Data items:
-*-

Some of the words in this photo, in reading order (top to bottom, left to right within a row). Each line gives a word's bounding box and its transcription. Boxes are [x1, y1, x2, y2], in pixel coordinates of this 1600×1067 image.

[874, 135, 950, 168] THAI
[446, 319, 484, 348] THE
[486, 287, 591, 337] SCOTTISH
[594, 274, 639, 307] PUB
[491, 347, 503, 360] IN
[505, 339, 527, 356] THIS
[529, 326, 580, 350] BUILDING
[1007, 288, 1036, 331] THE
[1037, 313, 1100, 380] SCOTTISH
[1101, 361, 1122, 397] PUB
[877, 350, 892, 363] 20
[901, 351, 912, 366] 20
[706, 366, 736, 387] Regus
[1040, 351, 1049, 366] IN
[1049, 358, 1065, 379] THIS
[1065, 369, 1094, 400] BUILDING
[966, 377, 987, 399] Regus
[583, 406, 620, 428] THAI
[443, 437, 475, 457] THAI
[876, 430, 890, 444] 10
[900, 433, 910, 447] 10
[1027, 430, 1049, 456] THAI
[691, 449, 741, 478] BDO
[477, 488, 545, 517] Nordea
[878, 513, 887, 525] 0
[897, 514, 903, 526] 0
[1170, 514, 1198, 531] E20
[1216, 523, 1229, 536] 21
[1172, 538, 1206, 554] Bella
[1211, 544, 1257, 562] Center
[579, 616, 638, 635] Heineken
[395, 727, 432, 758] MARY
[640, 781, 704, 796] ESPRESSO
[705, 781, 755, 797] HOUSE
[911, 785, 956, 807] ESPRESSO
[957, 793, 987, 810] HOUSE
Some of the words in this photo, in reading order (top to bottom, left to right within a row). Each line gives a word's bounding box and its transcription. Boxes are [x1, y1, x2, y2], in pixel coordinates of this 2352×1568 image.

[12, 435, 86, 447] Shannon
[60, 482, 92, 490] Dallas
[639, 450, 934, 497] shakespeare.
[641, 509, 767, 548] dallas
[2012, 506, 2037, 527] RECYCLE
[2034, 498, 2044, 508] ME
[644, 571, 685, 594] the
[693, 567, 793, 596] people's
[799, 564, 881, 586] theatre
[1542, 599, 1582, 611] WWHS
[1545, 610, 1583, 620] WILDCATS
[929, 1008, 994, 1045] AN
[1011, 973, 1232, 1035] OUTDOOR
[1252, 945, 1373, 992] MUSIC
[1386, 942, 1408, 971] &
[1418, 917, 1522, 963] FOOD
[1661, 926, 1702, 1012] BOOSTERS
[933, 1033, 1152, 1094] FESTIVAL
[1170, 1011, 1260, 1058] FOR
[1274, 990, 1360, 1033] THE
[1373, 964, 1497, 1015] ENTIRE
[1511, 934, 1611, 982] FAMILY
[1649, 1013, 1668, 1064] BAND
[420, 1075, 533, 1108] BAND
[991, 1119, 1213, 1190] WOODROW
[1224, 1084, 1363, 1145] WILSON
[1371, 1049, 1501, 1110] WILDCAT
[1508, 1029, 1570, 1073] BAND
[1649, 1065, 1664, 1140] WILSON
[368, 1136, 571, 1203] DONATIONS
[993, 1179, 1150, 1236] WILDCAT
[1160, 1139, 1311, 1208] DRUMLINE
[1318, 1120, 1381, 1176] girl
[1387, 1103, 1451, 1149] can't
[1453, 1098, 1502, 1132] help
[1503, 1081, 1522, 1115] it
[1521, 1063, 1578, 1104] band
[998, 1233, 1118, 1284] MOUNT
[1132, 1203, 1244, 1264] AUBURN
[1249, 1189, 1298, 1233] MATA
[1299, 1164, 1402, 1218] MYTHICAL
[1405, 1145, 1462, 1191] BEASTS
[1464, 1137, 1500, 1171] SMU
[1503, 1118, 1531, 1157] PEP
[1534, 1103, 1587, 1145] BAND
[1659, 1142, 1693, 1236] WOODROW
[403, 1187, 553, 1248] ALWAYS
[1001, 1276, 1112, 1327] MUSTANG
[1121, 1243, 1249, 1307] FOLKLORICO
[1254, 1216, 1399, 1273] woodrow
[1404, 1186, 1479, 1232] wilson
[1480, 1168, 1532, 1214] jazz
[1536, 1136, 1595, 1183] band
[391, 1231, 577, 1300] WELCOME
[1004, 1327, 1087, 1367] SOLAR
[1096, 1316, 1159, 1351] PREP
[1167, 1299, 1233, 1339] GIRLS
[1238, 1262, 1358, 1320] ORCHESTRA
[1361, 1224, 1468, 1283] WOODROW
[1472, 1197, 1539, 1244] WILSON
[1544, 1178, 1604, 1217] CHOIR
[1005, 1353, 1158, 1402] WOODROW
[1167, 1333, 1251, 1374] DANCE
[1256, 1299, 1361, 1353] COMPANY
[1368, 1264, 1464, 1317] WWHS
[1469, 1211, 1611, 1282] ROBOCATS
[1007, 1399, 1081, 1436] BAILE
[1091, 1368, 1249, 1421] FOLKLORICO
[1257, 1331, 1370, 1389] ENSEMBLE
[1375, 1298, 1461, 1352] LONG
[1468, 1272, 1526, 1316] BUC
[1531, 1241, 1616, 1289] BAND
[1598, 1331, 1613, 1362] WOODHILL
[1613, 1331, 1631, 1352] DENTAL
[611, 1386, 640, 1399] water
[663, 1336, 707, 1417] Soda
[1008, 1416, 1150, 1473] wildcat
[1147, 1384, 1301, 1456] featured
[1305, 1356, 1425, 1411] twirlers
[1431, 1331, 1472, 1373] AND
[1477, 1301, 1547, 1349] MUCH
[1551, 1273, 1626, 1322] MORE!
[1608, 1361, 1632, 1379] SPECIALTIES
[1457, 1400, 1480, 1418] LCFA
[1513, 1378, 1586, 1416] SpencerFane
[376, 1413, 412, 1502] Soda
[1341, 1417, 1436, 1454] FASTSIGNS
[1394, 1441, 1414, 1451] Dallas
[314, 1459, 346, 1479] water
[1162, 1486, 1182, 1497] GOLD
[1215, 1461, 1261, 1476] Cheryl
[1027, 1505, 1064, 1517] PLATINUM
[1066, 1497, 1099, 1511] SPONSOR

-*-

- [Problem to solve]
Lines in the entries above that hold "left" should be counted; give only that count.

- [Exercise result]
2